==== THE INPUT

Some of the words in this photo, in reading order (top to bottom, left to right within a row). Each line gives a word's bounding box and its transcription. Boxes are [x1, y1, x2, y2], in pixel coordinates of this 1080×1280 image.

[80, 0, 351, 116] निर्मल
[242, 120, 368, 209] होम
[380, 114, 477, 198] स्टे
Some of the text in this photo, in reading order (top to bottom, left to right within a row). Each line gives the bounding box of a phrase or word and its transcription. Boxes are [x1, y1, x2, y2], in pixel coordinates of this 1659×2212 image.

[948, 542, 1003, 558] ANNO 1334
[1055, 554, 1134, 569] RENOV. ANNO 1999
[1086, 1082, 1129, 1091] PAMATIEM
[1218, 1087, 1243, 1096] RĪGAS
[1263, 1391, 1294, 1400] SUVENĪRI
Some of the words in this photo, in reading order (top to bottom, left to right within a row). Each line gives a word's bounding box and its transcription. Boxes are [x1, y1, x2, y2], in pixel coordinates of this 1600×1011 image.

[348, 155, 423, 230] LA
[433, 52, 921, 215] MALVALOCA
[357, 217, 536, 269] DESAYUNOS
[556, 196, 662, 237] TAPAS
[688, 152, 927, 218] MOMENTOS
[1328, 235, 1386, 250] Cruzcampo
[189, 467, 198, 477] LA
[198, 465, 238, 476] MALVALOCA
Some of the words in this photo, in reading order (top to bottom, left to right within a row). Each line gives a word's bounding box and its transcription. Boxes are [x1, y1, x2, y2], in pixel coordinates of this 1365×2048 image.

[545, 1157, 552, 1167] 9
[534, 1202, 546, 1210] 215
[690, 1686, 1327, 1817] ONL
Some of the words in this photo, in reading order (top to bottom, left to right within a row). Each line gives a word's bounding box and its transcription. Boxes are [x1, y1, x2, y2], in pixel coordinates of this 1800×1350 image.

========

» EXERCISE GOAL: Everything in the data above is to be given again, unchanged.

» RESPONSE:
Some of the words in this photo, in reading order (top to bottom, left to right within a row). Each line gives a word's bounding box and its transcription. Boxes are [x1, y1, x2, y2], in pixel coordinates of this 1080×1280 image.

[80, 0, 351, 116] निर्मल
[242, 120, 368, 209] होम
[380, 114, 477, 198] स्टे
Some of the text in this photo, in reading order (top to bottom, left to right within a row). Each line gives the bounding box of a phrase or word and its transcription. Boxes are [x1, y1, x2, y2], in pixel coordinates of this 1659×2212 image.

[948, 542, 1003, 558] ANNO 1334
[1055, 554, 1134, 569] RENOV. ANNO 1999
[1086, 1082, 1129, 1091] PAMATIEM
[1218, 1087, 1243, 1096] RĪGAS
[1263, 1391, 1294, 1400] SUVENĪRI
Some of the words in this photo, in reading order (top to bottom, left to right within a row). Each line gives a word's bounding box and its transcription. Boxes are [x1, y1, x2, y2], in pixel coordinates of this 1600×1011 image.

[348, 155, 423, 230] LA
[433, 52, 921, 215] MALVALOCA
[357, 217, 536, 269] DESAYUNOS
[556, 196, 662, 237] TAPAS
[688, 152, 927, 218] MOMENTOS
[1328, 235, 1386, 250] Cruzcampo
[189, 467, 198, 477] LA
[198, 465, 238, 476] MALVALOCA
Some of the words in this photo, in reading order (top to bottom, left to right within a row). Each line gives a word's bounding box and its transcription. Boxes are [x1, y1, x2, y2], in pixel coordinates of this 1365×2048 image.

[545, 1157, 552, 1167] 9
[534, 1202, 546, 1210] 215
[690, 1686, 1327, 1817] ONL
Some of the words in this photo, in reading order (top to bottom, left to right within a row). Each line gives a word's bounding box and its transcription. Boxes are [x1, y1, x2, y2], in pixel coordinates of this 1800×1350 image.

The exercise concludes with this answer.